Instructions to follow:
Reproduce the data below exactly as written. Pictures do not belong in the copy.
Data to use section start
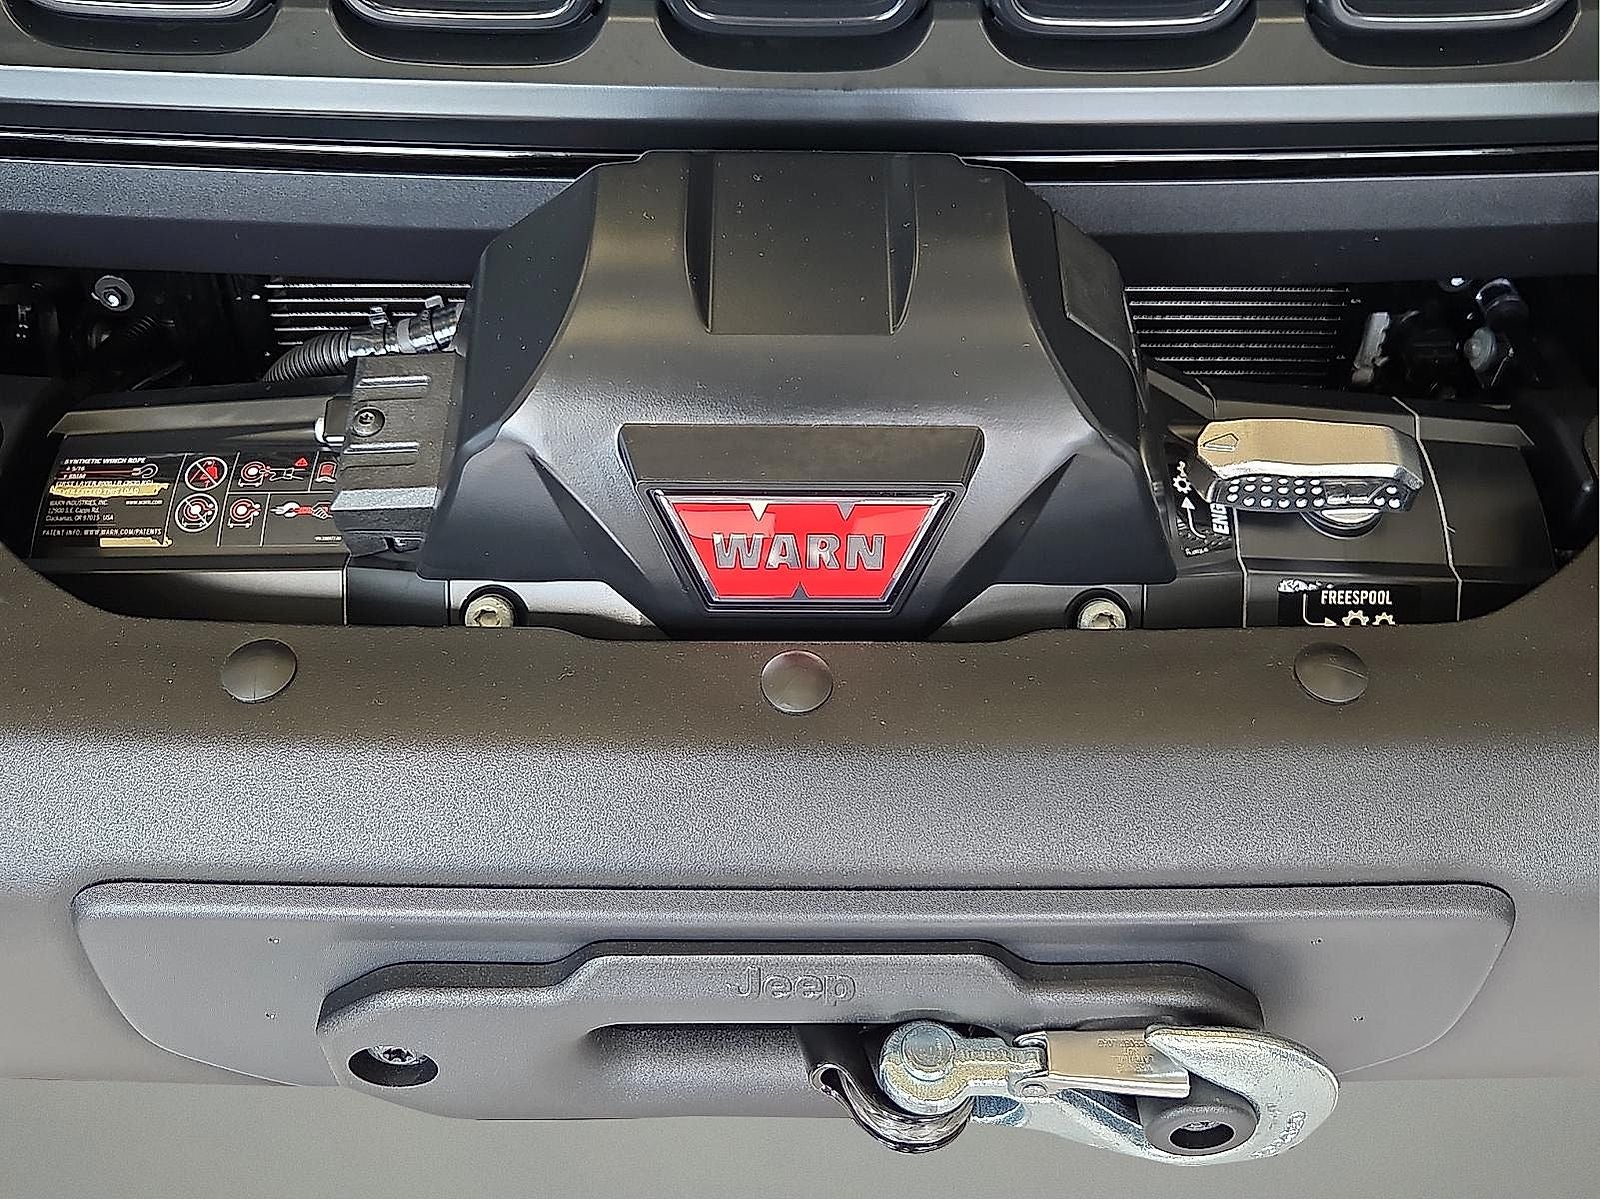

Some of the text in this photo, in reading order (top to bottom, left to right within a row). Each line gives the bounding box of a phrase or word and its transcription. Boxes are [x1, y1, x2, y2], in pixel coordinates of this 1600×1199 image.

[103, 457, 127, 465] WINCH
[42, 529, 66, 537] PATENT
[83, 528, 162, 536] WWW.WARN.COM/PATENTS
[711, 532, 886, 571] WARN
[1320, 589, 1393, 606] FREESPOOL
[725, 965, 857, 1007] Jeep
Data to use section end
Task result:
Some of the text in this photo, in reading order (top to bottom, left to right within a row). Each line gives the bounding box of a phrase or word and its transcription. Boxes are [x1, y1, x2, y2], in pixel coordinates of this 1600×1199 image.

[103, 457, 127, 465] WINCH
[42, 529, 66, 537] PATENT
[83, 528, 162, 536] WWW.WARN.COM/PATENTS
[711, 532, 886, 571] WARN
[1320, 589, 1393, 606] FREESPOOL
[725, 965, 857, 1007] Jeep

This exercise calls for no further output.